## [Description of the task]
Each line from the one containing "this 1352×1605 image." to the end of the entries is to be repeated exactly, and no other line.

## [Entries shown]
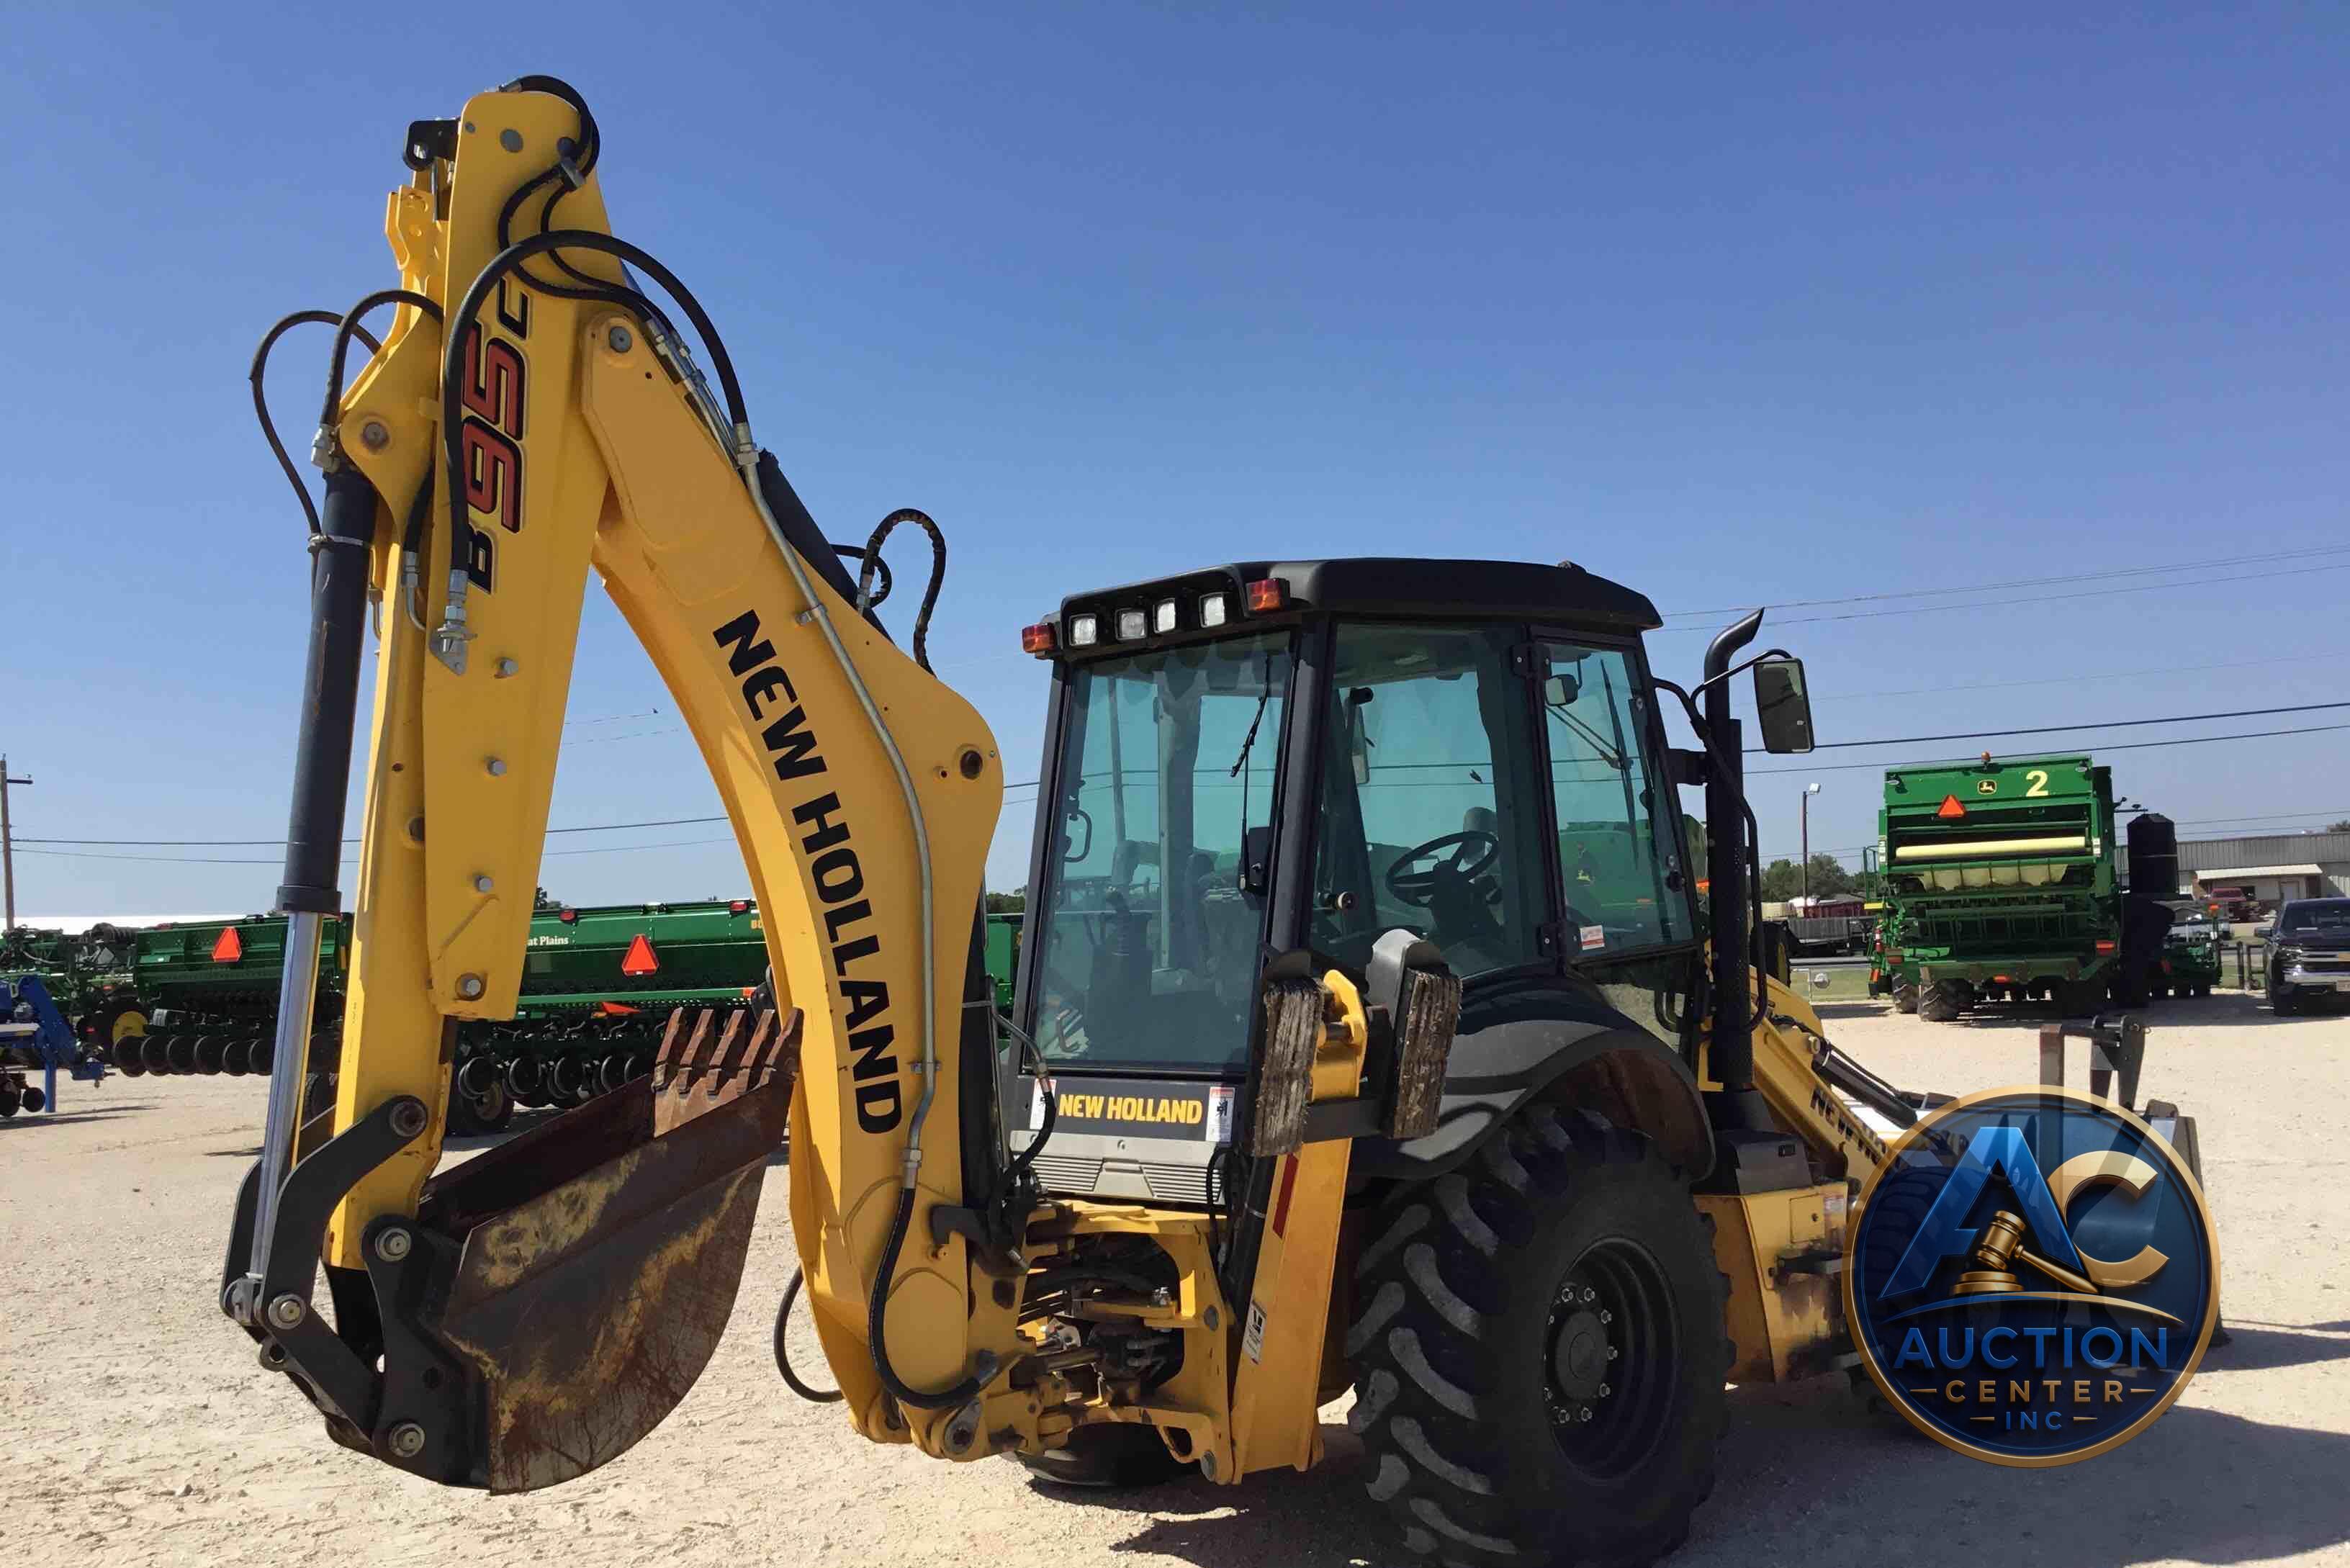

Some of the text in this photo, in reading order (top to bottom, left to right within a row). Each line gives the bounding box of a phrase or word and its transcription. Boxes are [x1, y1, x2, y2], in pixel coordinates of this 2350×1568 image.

[462, 275, 529, 595] B95C
[2025, 770, 2049, 797] 2
[712, 609, 903, 1135] NEW HOLLAND
[539, 934, 570, 946] Plains
[1058, 1094, 1104, 1119] NEW
[1106, 1096, 1203, 1125] HOLLAND
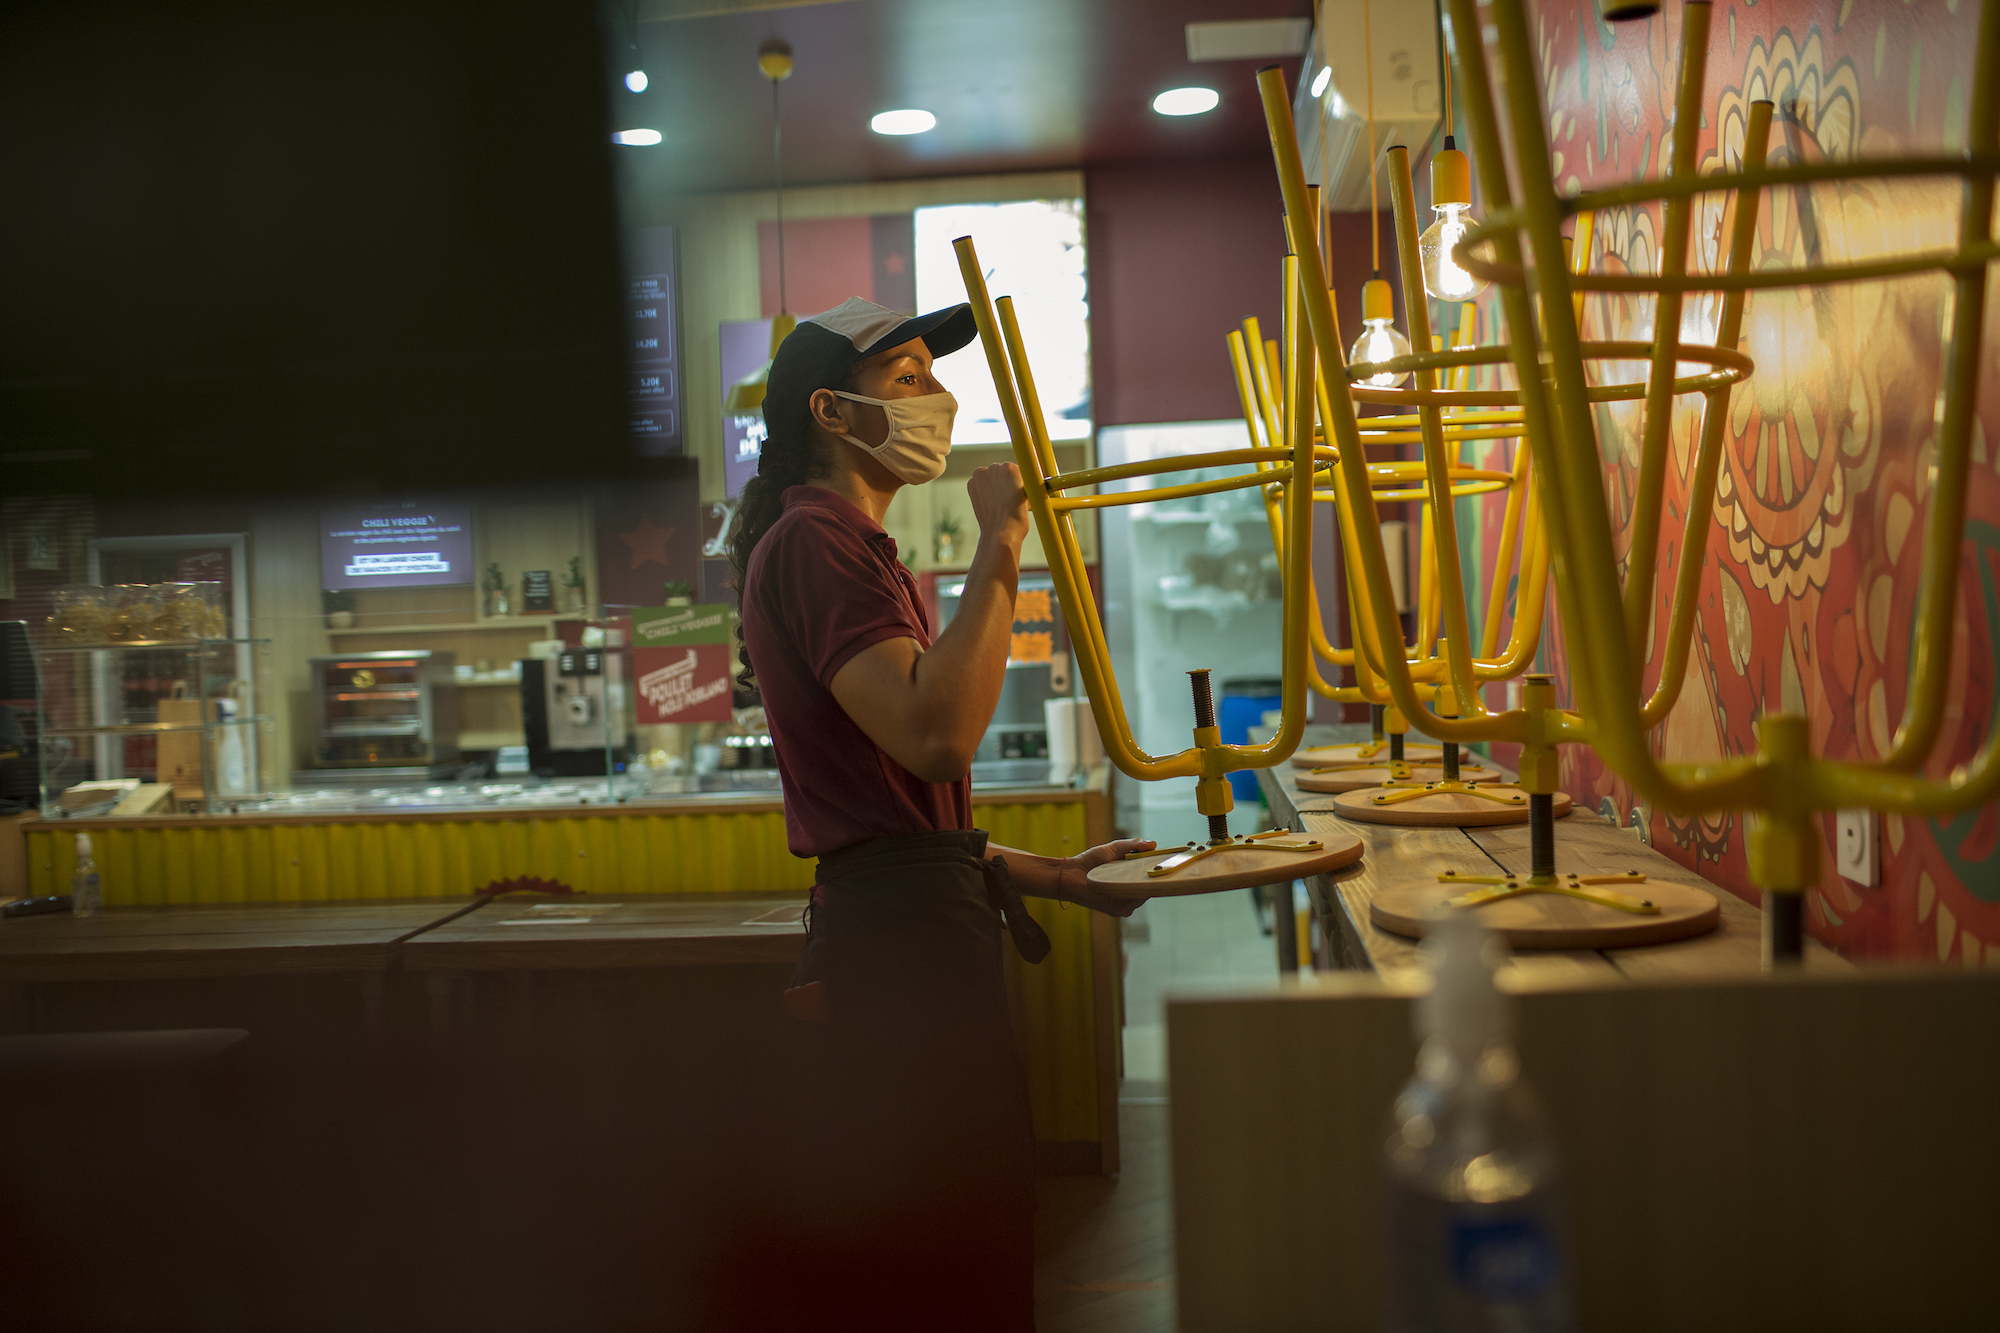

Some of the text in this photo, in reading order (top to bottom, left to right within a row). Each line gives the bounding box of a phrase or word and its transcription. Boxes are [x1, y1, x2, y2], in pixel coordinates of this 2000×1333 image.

[641, 279, 658, 288] TRIO
[635, 307, 657, 319] 11,70€
[635, 337, 658, 349] 14,20€
[640, 376, 660, 387] 5,20€
[361, 517, 428, 528] CHILI VEGGIE
[649, 671, 694, 707] POULET
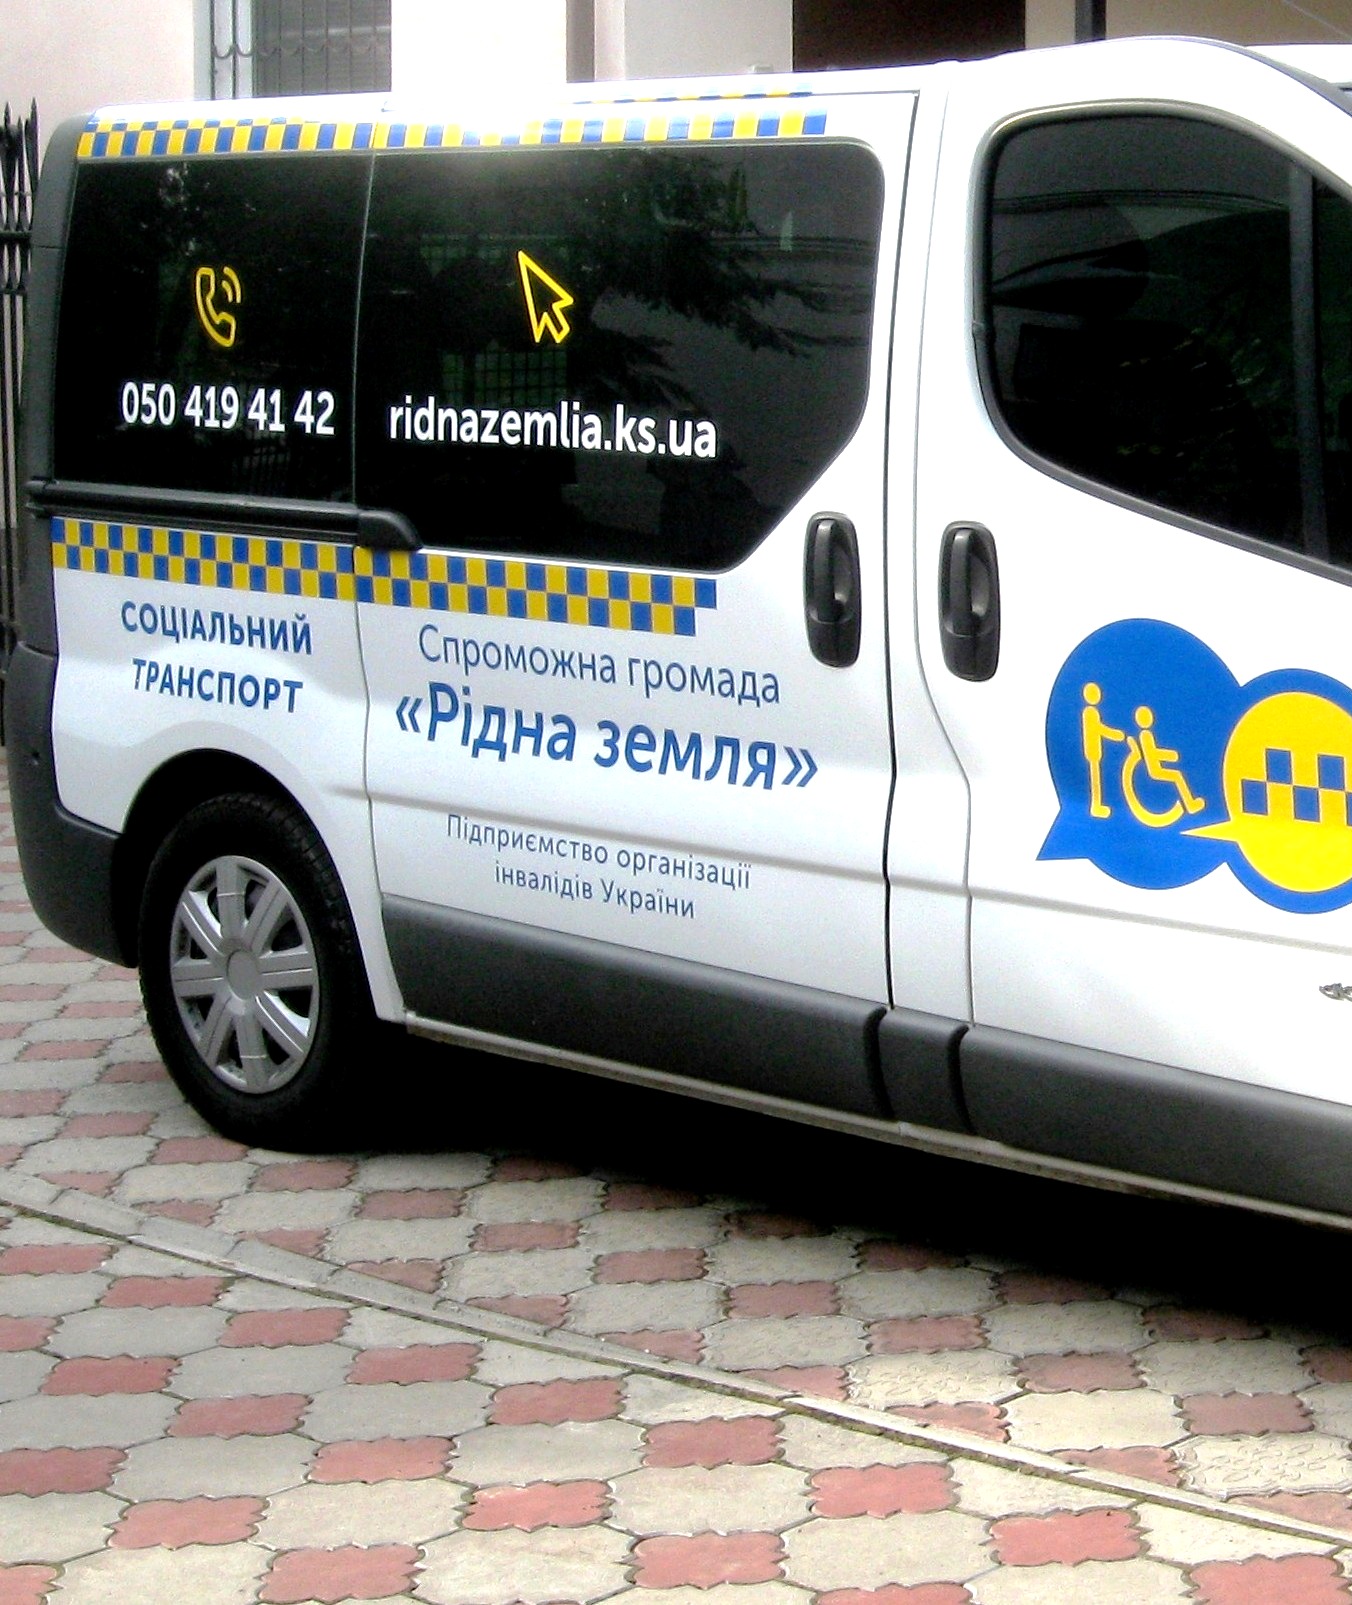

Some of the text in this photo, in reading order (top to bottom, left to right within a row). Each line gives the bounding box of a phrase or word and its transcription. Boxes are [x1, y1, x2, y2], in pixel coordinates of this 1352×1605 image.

[122, 381, 336, 435] 050 419 41 42
[389, 394, 717, 458] ridnazemlia.ks.ua
[121, 601, 312, 655] СОЦІАЛЬНИЙ
[132, 658, 304, 713] ТРАНСПОРТ
[418, 624, 781, 706] Спроможна громада
[395, 681, 819, 790] «Рідна земля»
[447, 814, 752, 891] Підприємство організації
[495, 860, 696, 919] інвалідів України

## [Reply to the exercise]
Some of the text in this photo, in reading order (top to bottom, left to right within a row). Each line gives the bounding box of a phrase or word and its transcription. Boxes are [x1, y1, x2, y2], in pixel coordinates of this 1352×1605 image.

[122, 381, 336, 435] 050 419 41 42
[389, 394, 717, 458] ridnazemlia.ks.ua
[121, 601, 312, 655] СОЦІАЛЬНИЙ
[132, 658, 304, 713] ТРАНСПОРТ
[418, 624, 781, 706] Спроможна громада
[395, 681, 819, 790] «Рідна земля»
[447, 814, 752, 891] Підприємство організації
[495, 860, 696, 919] інвалідів України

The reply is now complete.